Beate shook her head. 'We're looking for a person who has a number of identical external characteristics to Grette.'

'Sorry to have to say this, Beate, but Grette has no external or any other kind of characteristics. He's an accountant who looks like an accountant. I've already forgotten what he looks like.'

'Right,' she said, taking the greaseproof paper off her next sandwich. 'But I haven't. That's the crunch.'

'Mm. I may have some good news.'

'Oh, yes?'

'I'm on my way to Botsen. Raskol wanted to talk to me.'

'Wow. Good luck.'

'Thank you.' Harry stood up. Hesitated. Took a deep breath. 'I know I'm not your father, but may I be allowed to say one thing?'

'Be my guest.'

He peered round to make sure no one could hear them. 'I'd watch it with Waaler, if I were you.'

'Thank you.' Beate took a large bite of her sandwich. 'And the bit about yourself and my father is correct.'

***

'I've lived in Norway all my life,' Harry said. 'Grew up in Oppsal. My parents were teachers. My father's retired and, since Mum died, he's lived like a sleepwalker, only occasionally visiting the land of the living. My little sister misses him. I do too, I suppose. I miss them both. They thought I would be a teacher. I did, too. But it was Police College instead. And a bit of law. Were you to ask me why I became a policeman, I would be able to give you ten sensible answers, but not one I believed myself. I don't think about it any longer. It's a job, they pay me, and now and then I think I do something good-you can live off that for a long time. I was an alcoholic before I was thirty. Perhaps before I was twenty, it depends on how you look at things. They say it's in your genes. Possibly. When I grew up I found out my grandfather in Еndalsnes had been drunk every day for fifty years. We went there every summer until I was fifteen and never noticed a thing. Unfortunately I haven't inherited that talent. I've done things which have not exactly gone unnoticed. In a nutshell, it's a miracle I've still got a job in the police force.'

Harry looked up at the NO SMOKING sign and lit up.
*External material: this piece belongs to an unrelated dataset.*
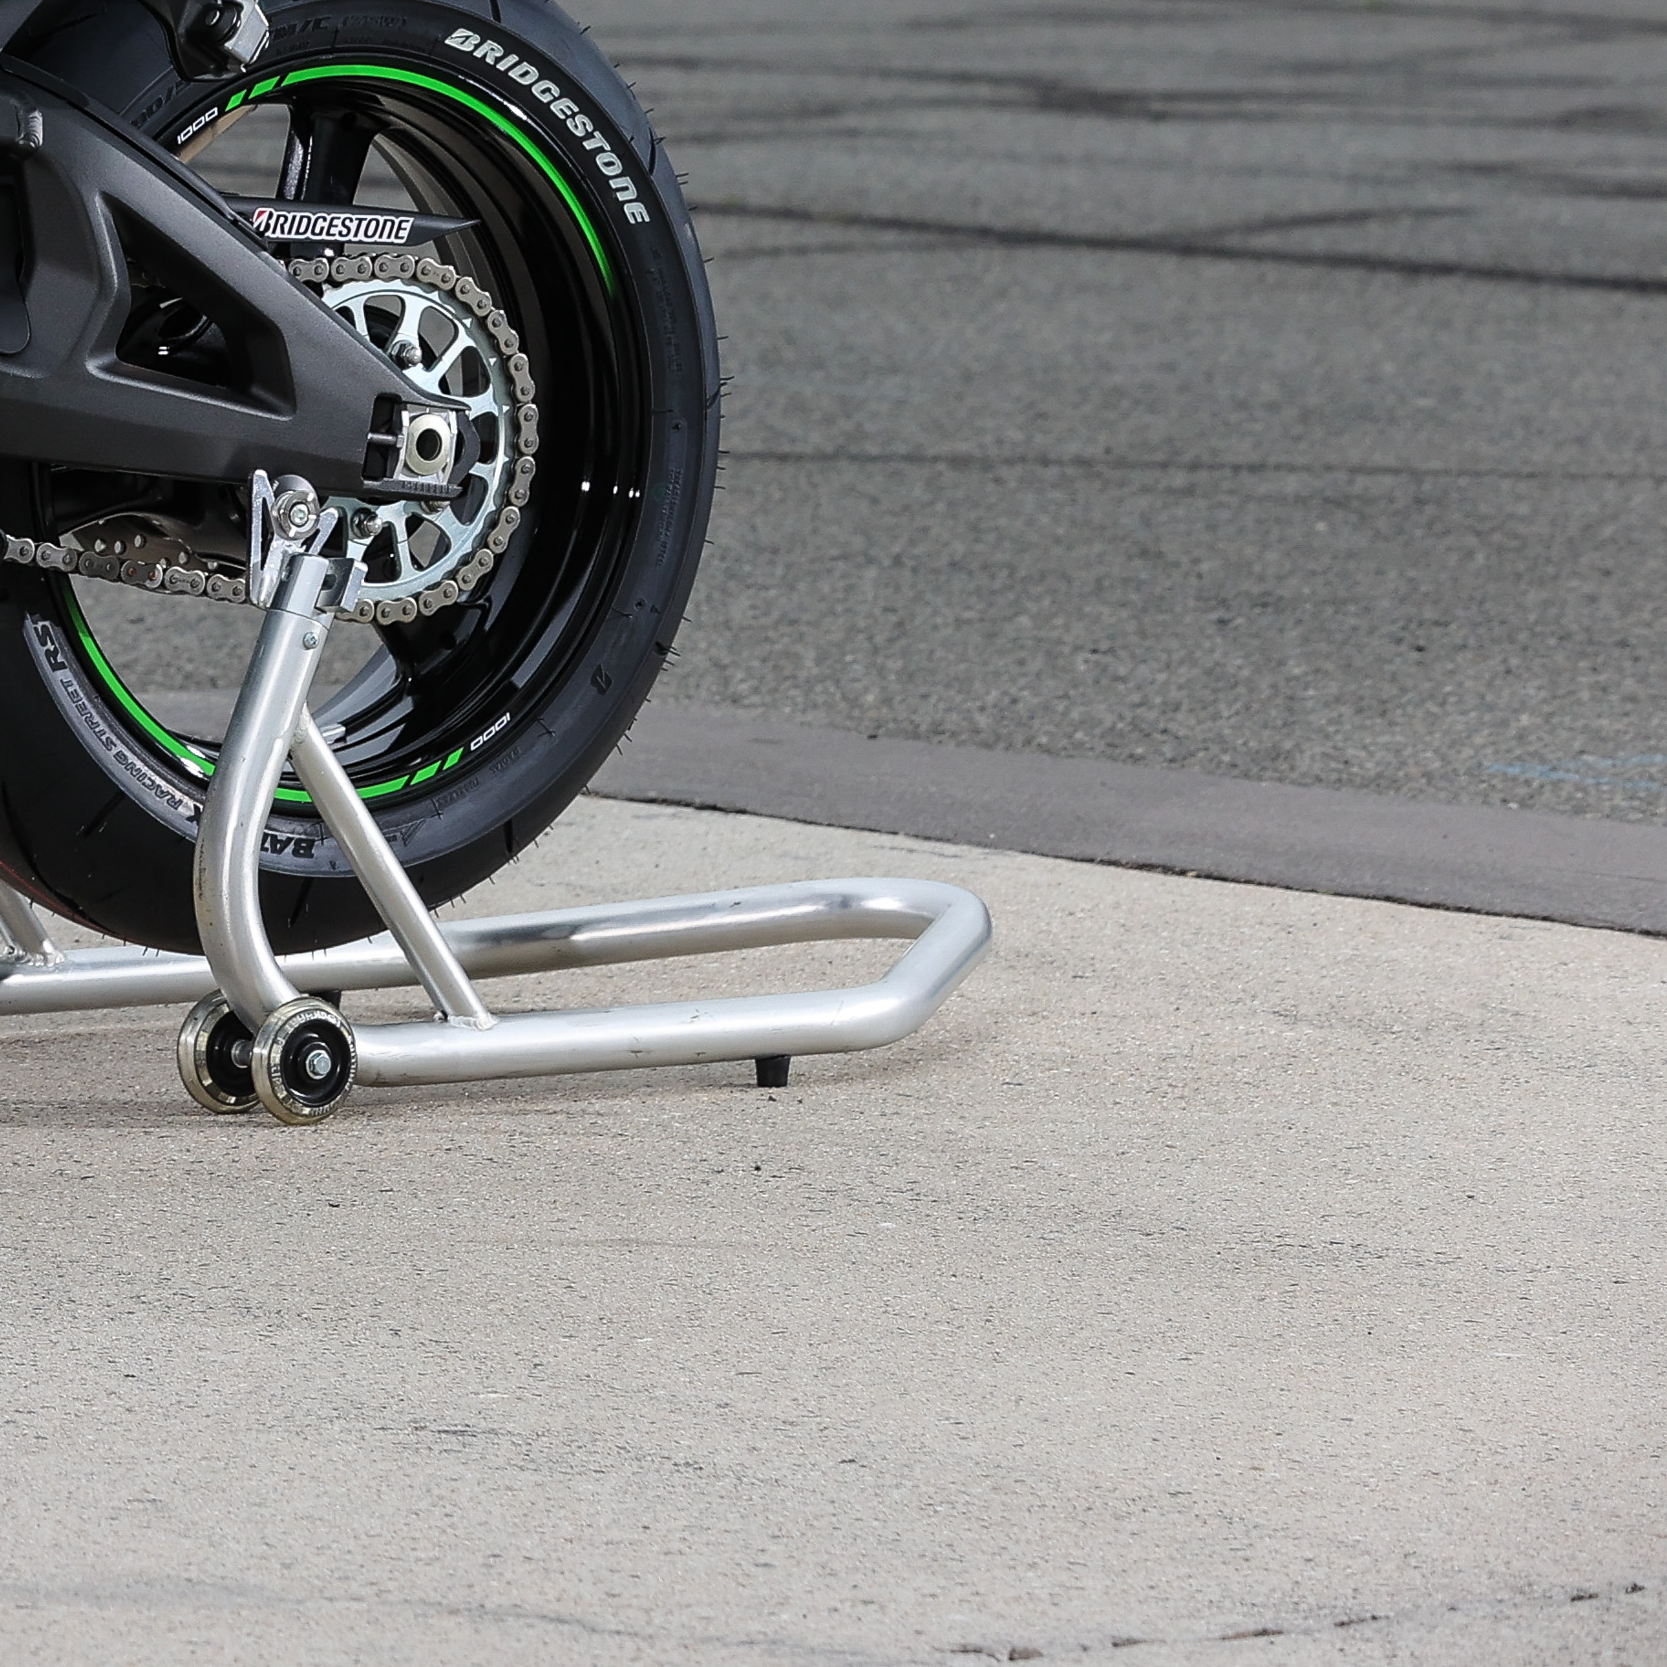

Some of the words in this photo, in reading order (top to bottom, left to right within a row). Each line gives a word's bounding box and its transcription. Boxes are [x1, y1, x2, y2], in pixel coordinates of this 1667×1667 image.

'Anna and I were lovers for six weeks. She didn't love me. I didn't love her. When I stopped, I did her a greater favour than I did myself. She didn't see it like that.'

The other man in the room nodded.

'I've loved three women in my life,' Harry continued. 'The first was a childhood sweetheart I was going to marry until everything went pear-shaped for us both. She took her life a long time after I'd stopped seeing her, and that had nothing to do with me. The second was murdered by a man I was chasing on the other side of the globe. The same happened to a female colleague of mine, Ellen. I don't know why but women around me die. Perhaps it's the genes.'

'What about the third woman?'

The third woman. The third key. Harry stroked the initials AA and the edges of the key Raskol had passed him over the table when he was let in. Harry had asked if it was identical to the one he had received and Raskol had nodded.